Startup Cerebras Systems on Monday unveiled a processor measuring roughly 8 inches by 8 inches - at least 50 times larger than similar chips available today.
This very big chip is designed to meet the needs of the AI community which is repurposing graphics processors to meet new compute needs. You see, big chips process information more quickly and produce answers in less time. This is incredibly important for researchers crunching enormous amounts of data, it enables them to train models faster.
The Cerebras team have built the Cerebras Wafer Scale Engine (WSE), aka, the largest chip ever built. With a 1,000x performance improvement over what’s currently available, the Cerebras WSE is comprised of more than 1.2 trillion transistors and is 46,225 square millimeters. It also contains 3,000 times more high speed, on-chip memory, and has 10,000 times more memory bandwidth. For comparison, the first chips created in the 1960s featured a few hundred transistors.
On a chip of this size, the startup was able to deliver 400,000 AI-optimized cores. The company's specialized memory architecture ensures each of these cores operates at maximum efficiency. It provides 18 Gigabytes of fast, on-chip memory distributed among the cores in a single-level memory hierarchy, one clock cycle away from each core. All of these AI-optimized cores are connected entirely on silicon by the Swarm fabric in a 2D mesh with 100 Petabits per second of bandwidth. Swarm delivers breakthrough bandwidth and low latency at a fraction of the power draw of traditional techniques used to cluster graphics processing units. Software configures all the cores on the WSE to support the precise communication required for training user-specified models.

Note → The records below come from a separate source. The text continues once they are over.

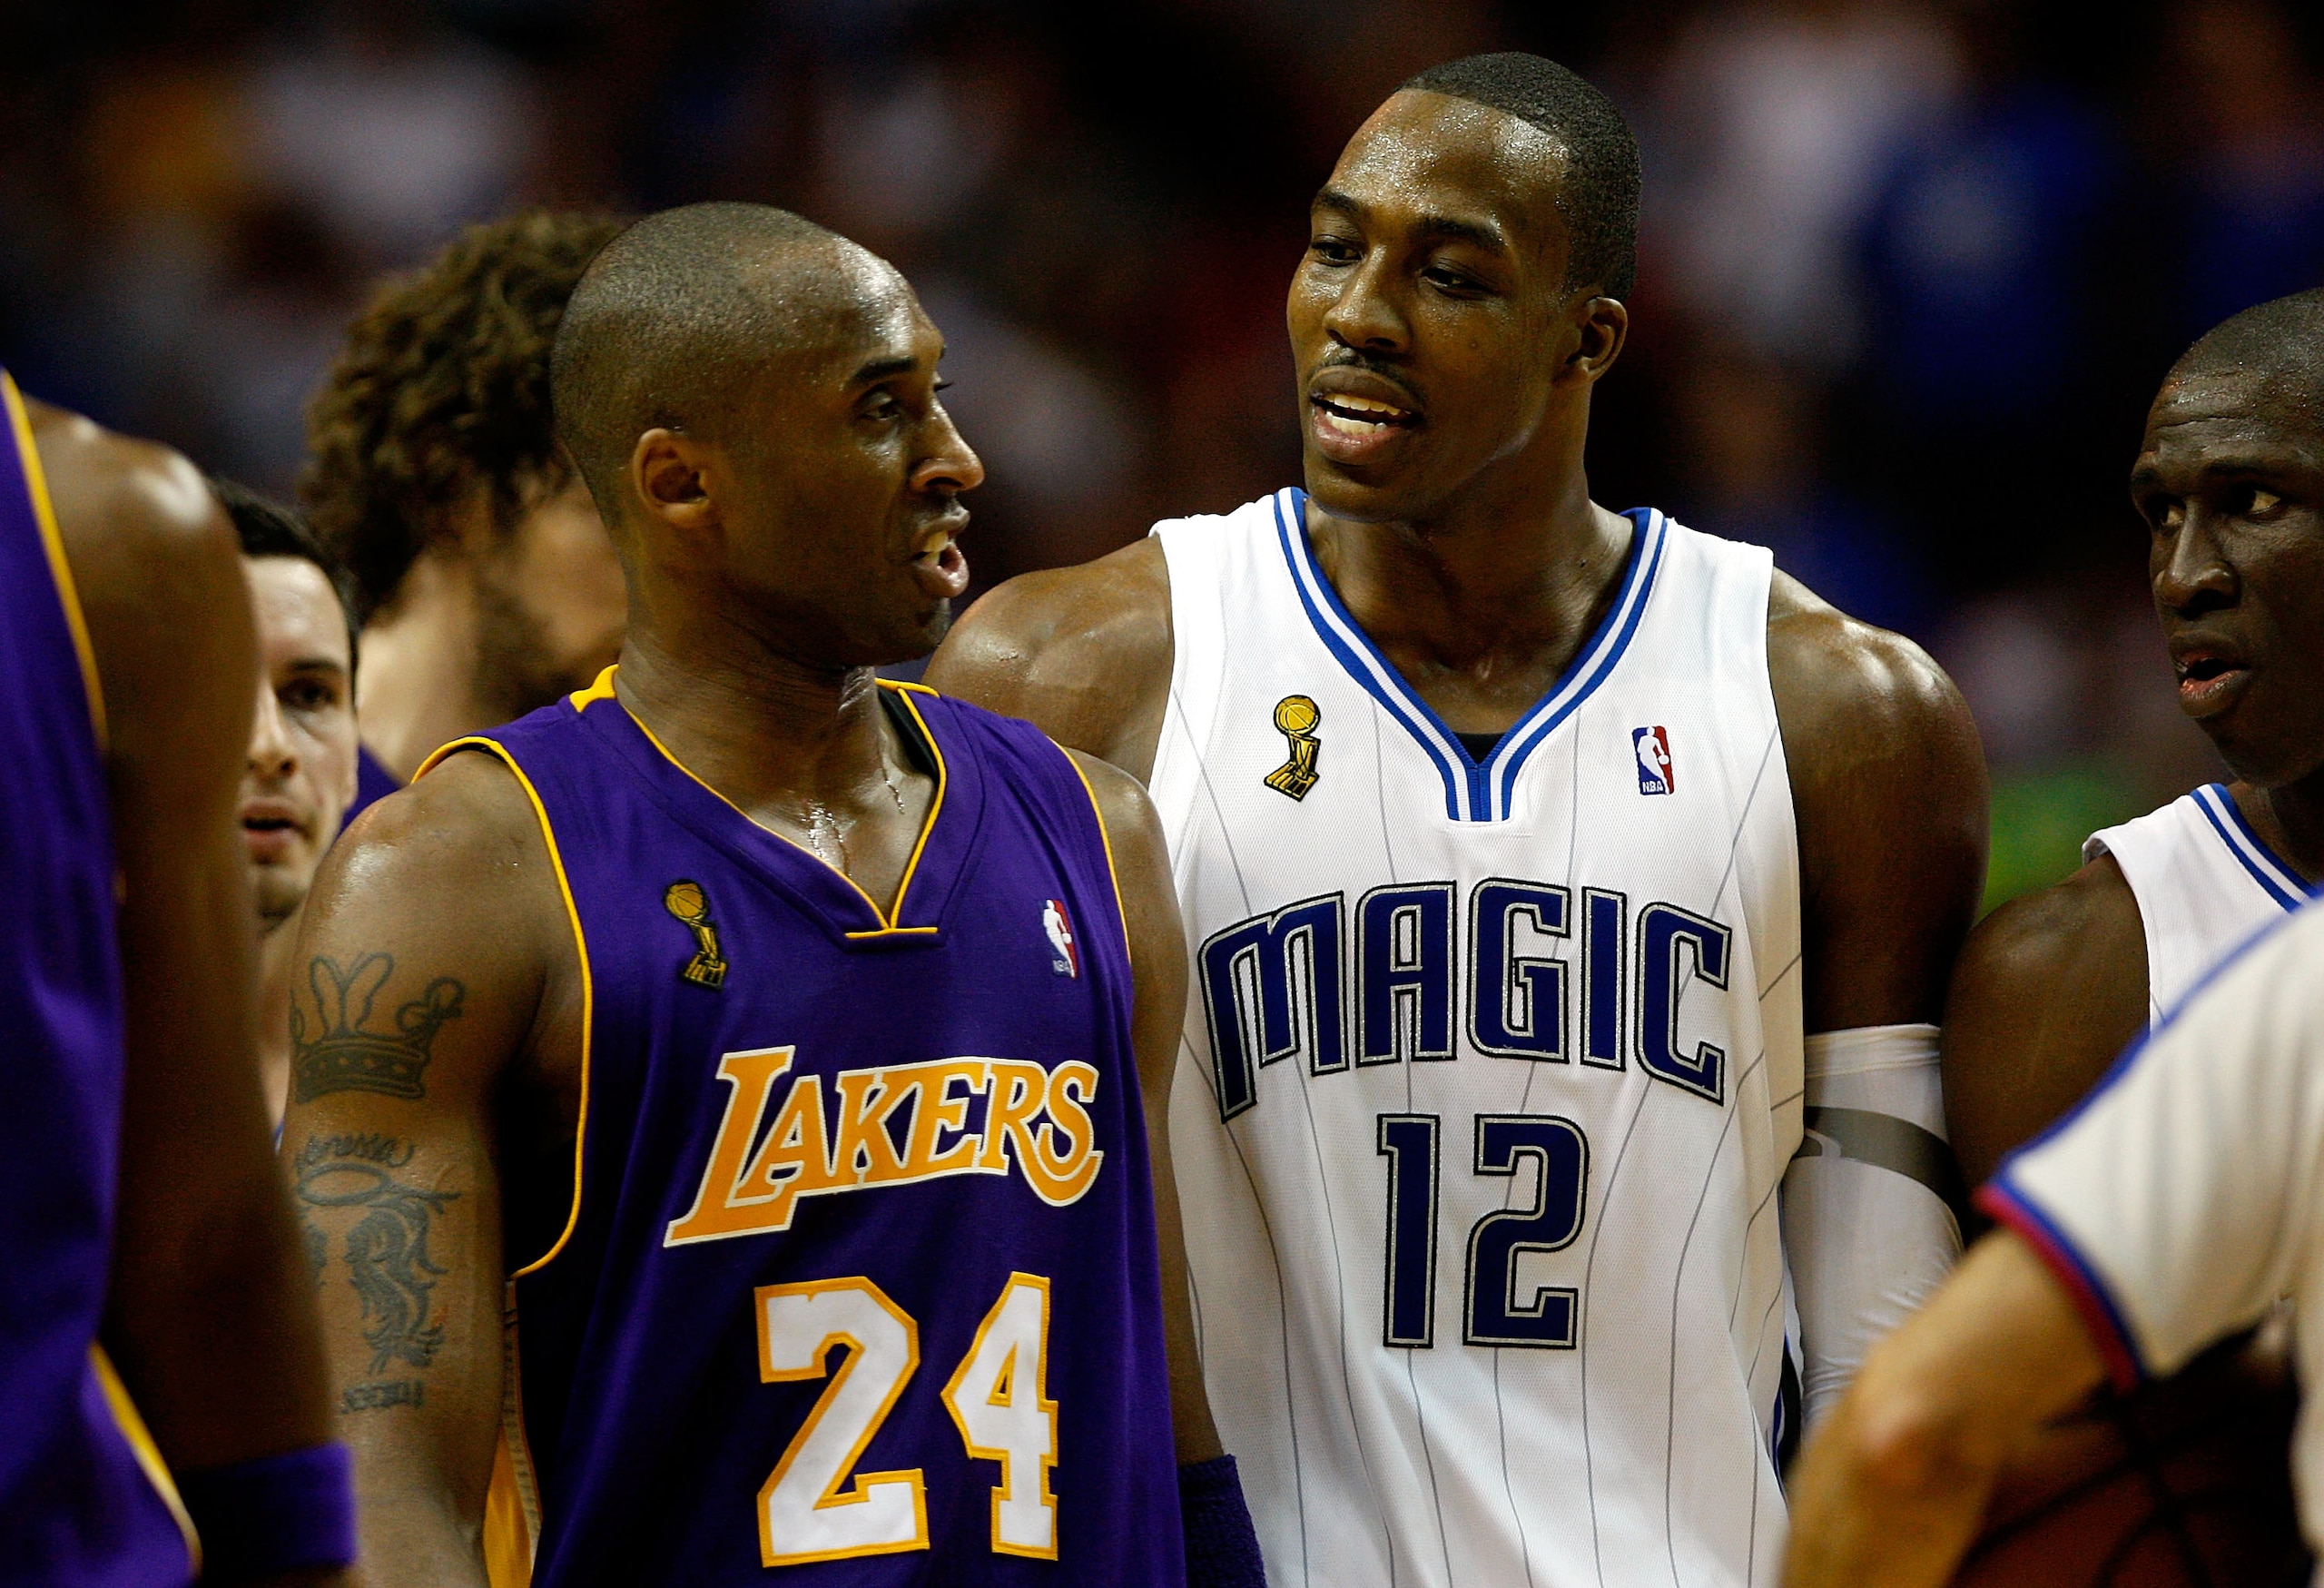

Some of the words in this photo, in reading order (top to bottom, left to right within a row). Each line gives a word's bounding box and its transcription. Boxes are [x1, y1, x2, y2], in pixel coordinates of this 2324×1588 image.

[1642, 781, 1664, 793] NBA
[1198, 877, 1732, 1124] MAGIC
[664, 1045, 1104, 1248] LAKERS
[1376, 1113, 1590, 1349] 12
[754, 1272, 1059, 1568] 24

Altogether, the WSE takes the fundamental properties of cores, memory, and interconnect to their logical extremes. A vast array of programmable cores provides cluster-scale compute on a single chip. High-speed memory close to each core ensures that cores are always occupied doing calculations. And by connecting everything on-die, communication is many thousands of times faster than what is possible with off-chip technologies like InfiniBand.

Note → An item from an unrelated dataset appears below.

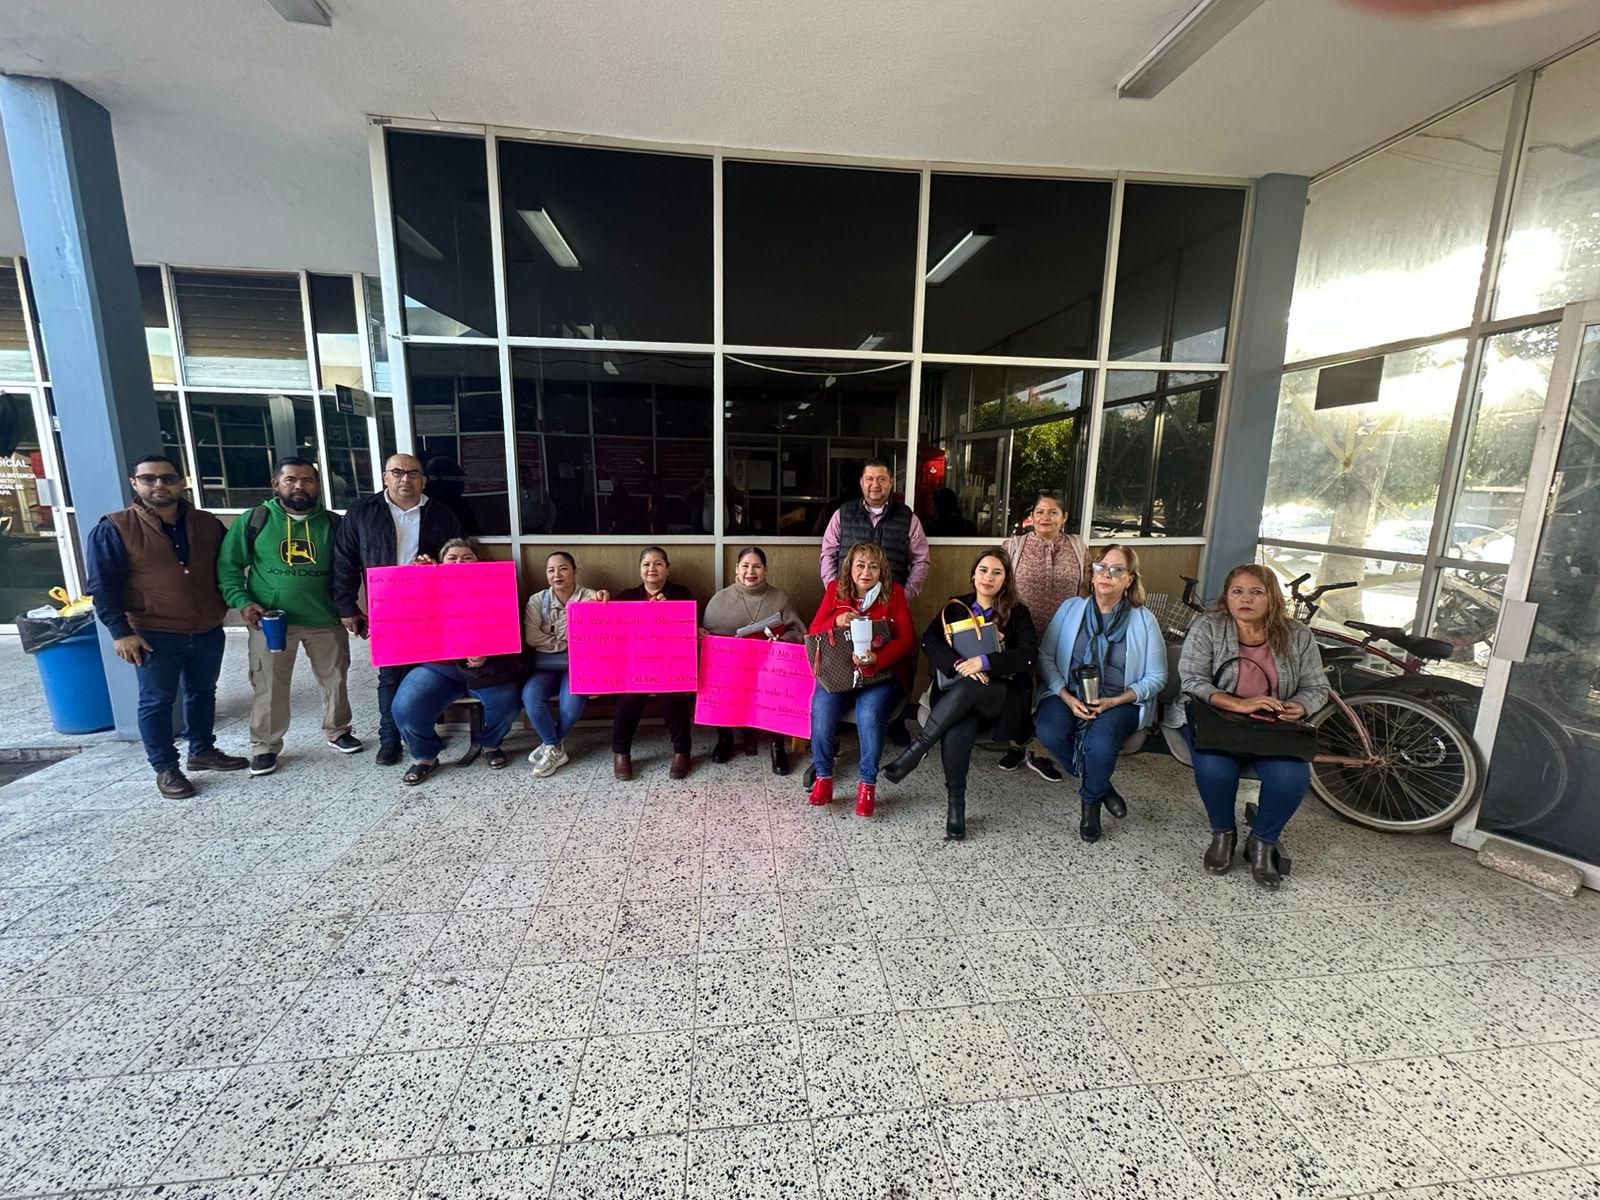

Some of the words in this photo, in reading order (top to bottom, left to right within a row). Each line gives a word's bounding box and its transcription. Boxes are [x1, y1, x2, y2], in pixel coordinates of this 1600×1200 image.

[267, 566, 297, 577] JOHN
[569, 609, 584, 625] La
[778, 650, 789, 659] NO

Andrew Feldman, the company's founder, co-founded server maker SeaMicro Inc. and sold it to chipmaker Advanced Micro Devices Inc. for more than $300 million in 2012. Cerebras has raised over $100 million from Silicon Valley investors including Benchmark, Andy Bechtolsheim and Sam Altman. Feldman has a team of 174 engineers and Taiwan Semiconductor Manufacturing Co.is manufacturing the massive Cerebras processor.
Cerebras won’t sell the chips because it’s so difficult to connect and cool such a huge piece of silicon. Instead, the product will offered as part of a new server that will be installed in data centers. The company said it has test systems working at several large potential customers and will start shipping the machines commercially in October.